Harga Rokok Harus Naik 2 Kali Lipat untuk Tekan Konsumsinya

Jakarta, Beritasatu.com – Untuk menekan konsumsi rokok, harga jual produk tembakau ini harus dinaikan hingga dua kali lipat. Dengan demikian, harga rata-rata rokok Rp 30.000 per bungkus harus dinaikan menjadi  Rp 60.000.

Ketua Pusat Kajian Jaminan Sosial Universitas Indonesia (PKJSUI) Aryana Satrya mengungkapkan hasil survei yang dilakukannya pihaknya dengan melibatkan sebanyak 1.000 orang, terlihat lebih dari 80% mendukung kenaikan harga rokok.

Hal tersebut diungkapkan Aryana dalam konferensi pers secara daring oleh Center for Indonesia’s Strategic Development Initiatives (CISDI) di Jakarta, Kamis (3/10/2024), dilansir dari Antara.

“Bahkan 80% dari perokok mendukung kenaikan harga rokok.
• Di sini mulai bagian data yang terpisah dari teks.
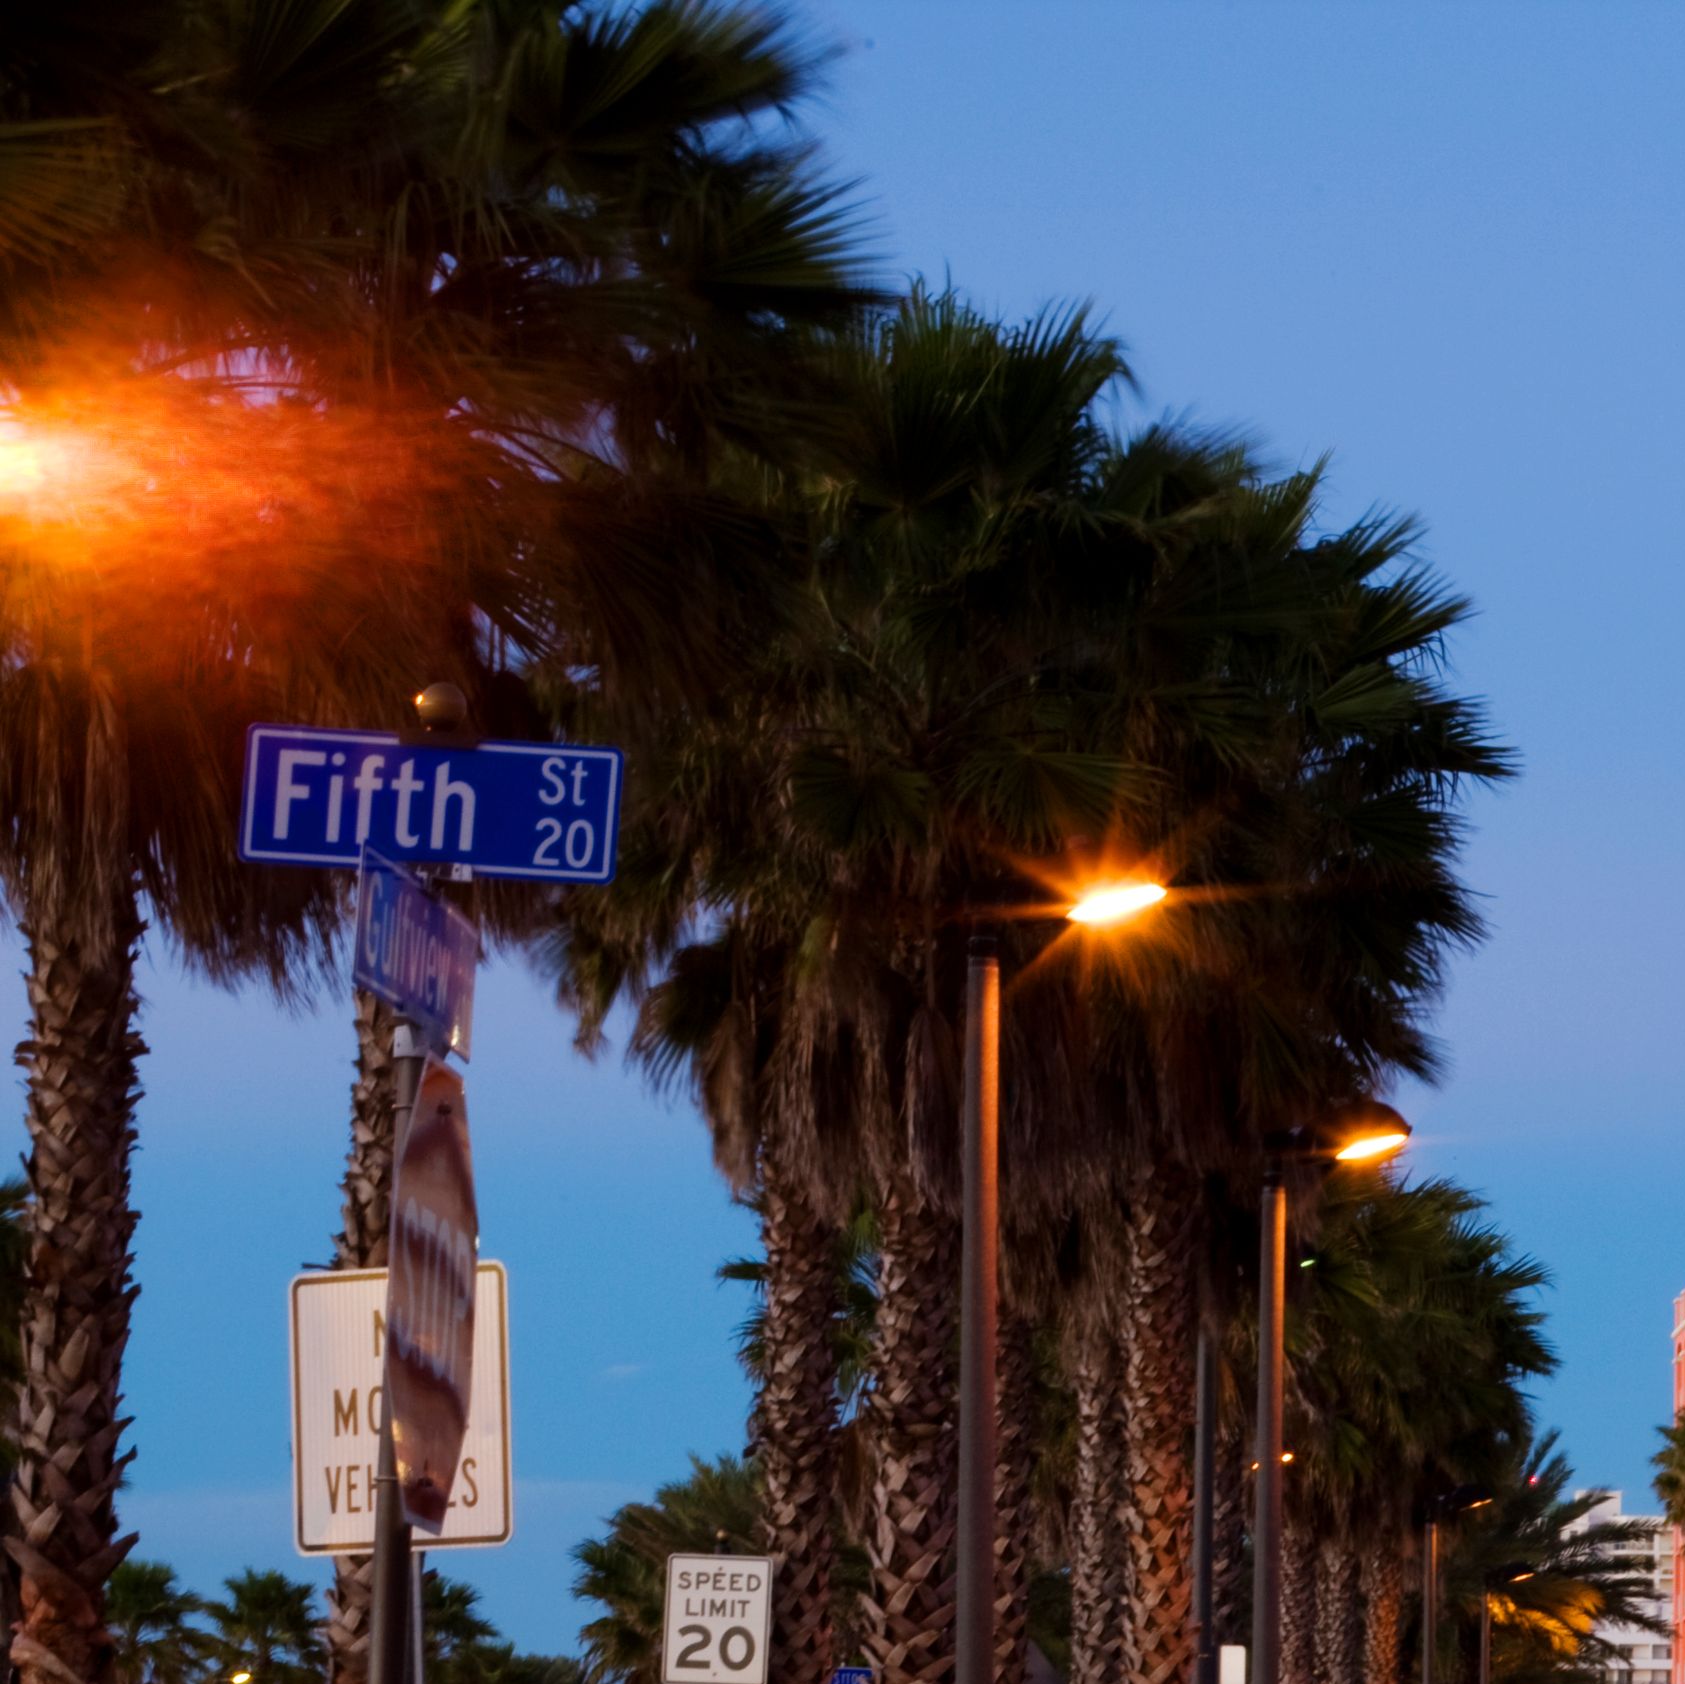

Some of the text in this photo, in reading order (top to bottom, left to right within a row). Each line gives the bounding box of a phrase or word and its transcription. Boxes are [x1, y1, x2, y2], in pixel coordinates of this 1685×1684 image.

[273, 749, 588, 852] Fifth St
[532, 817, 595, 869] 20
[364, 871, 451, 1013] Gulfview
[678, 1571, 762, 1593] SPEED
[684, 1598, 750, 1619] LIMIT
[675, 1624, 756, 1671] 20
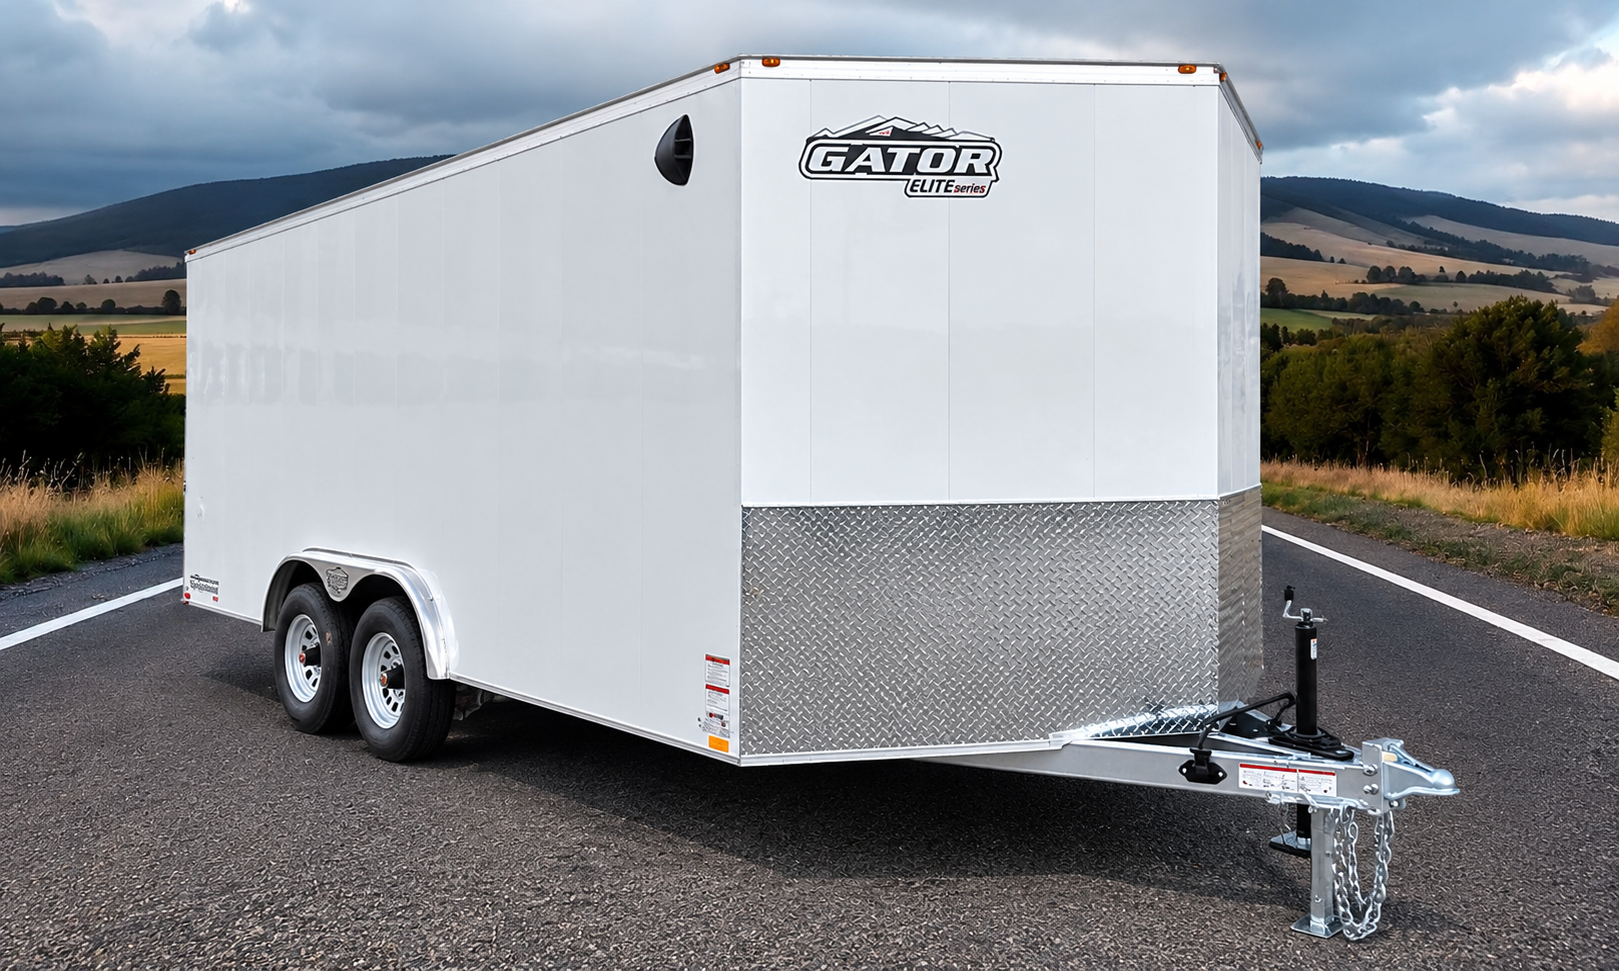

Berapa harga rokok yang ideal? Mereka mengatakan kalau harga rokok sampai Rp 60.000, maka 60% akan berhenti merokok. Kalau Rp 70.000, maka akan sampai 70% yang berhenti merokok,” kata Aryana.

Untuk bisa menaikkan harga rokok hingga dua kali lipat, cukai rokok harus dinaikkan. Sayangnya, hingga saat ini, cukai rokok masih belum agresif kenaikannya.

Direktorat Jenderal (Ditjen) Bea Cukai Kementerian Keuangan (Kemenkeu), kata dia, memang memiliki niat meninjau menaikan harga jual eceran. Namun, hal tersebut dinilai tidak akan meningkatkan  pendapatan pemerintah da tidak efektif dalam menekan konsumsi rokok.

Pemerintah sebenarnya bisa menaikkan cukai rokok dalam tahun-tahun belakangan ini. Hal ini, kata dia, tidak akan signifikan menurunkan konsumsi, menurut data statistik Kemenkeu. Penurunan memang tidak besar atau relatif kecil, tetapi hal ini penting dilakukan untuk menekan prevalensi merokok.

“Nilai cukai yang diperoleh pemerintah selalu meningkat, dan bahkan pada saat akhir-akhir dua tahun terakhir ini,” katanya.

Dia menambahkan, riset lain yang dilakukan pihaknya mengenai stunting, memperlihatkan jika keluarga yang merokok, anaknya cenderung stunting 5,5%. Selain itu, tingkat intelegensinya juga lebih rendah.

Di sisi lain, mayoritas perokok merupakan warga miskin yang menerika bantuan sosial. Masalahnya, banyak bantuan sosial ini yang menjadi tidak bermanfaat karena dibelikan rokok.

“Jadi 1 persen kenaikan konsumsi rokok, menaikkan kemungkinan 6 persen untuk menjadi lebih miskin,” ungkap dia.